Records to use -
☆ ☆ ☆ ☆ ☆
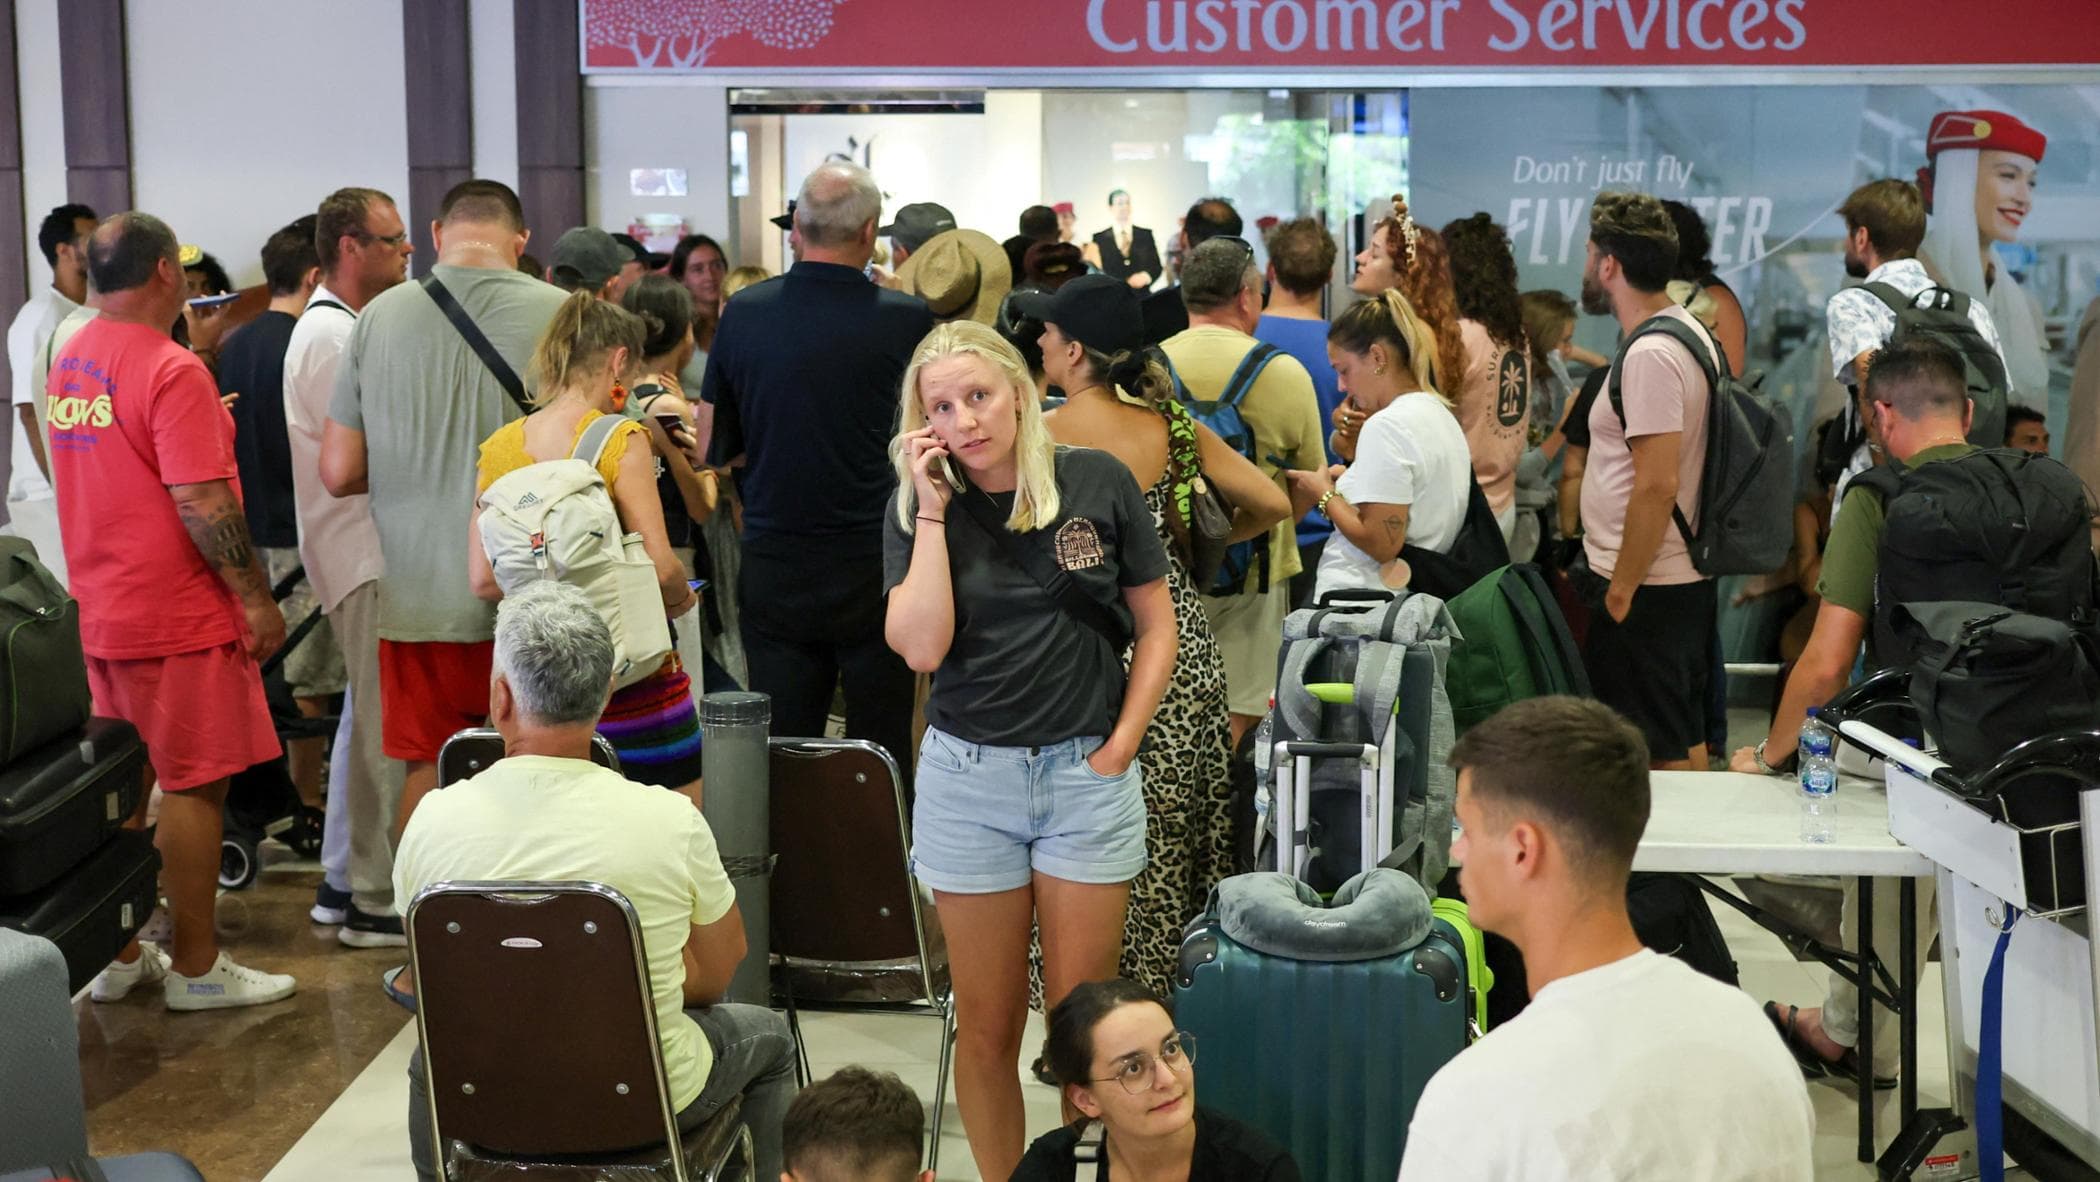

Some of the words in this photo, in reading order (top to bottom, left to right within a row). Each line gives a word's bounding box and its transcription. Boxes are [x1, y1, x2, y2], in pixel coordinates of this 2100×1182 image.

[1085, 0, 1460, 53] Customer
[1486, 0, 1808, 51] Services
[1513, 155, 1588, 185] Don't
[1590, 155, 1647, 191] just
[1656, 154, 1695, 190] fly
[1507, 197, 1585, 265] FLY
☆ ☆ ☆ ☆ ☆
Instructions to follow -
Every line of the data above is to be set down exactly; the pictures are not.

The completed task -
Some of the words in this photo, in reading order (top to bottom, left to right within a row). Each line gives a word's bounding box and its transcription. Boxes are [x1, y1, x2, y2], in pixel coordinates of this 2100×1182 image.

[1085, 0, 1460, 53] Customer
[1486, 0, 1808, 51] Services
[1513, 155, 1588, 185] Don't
[1590, 155, 1647, 191] just
[1656, 154, 1695, 190] fly
[1507, 197, 1585, 265] FLY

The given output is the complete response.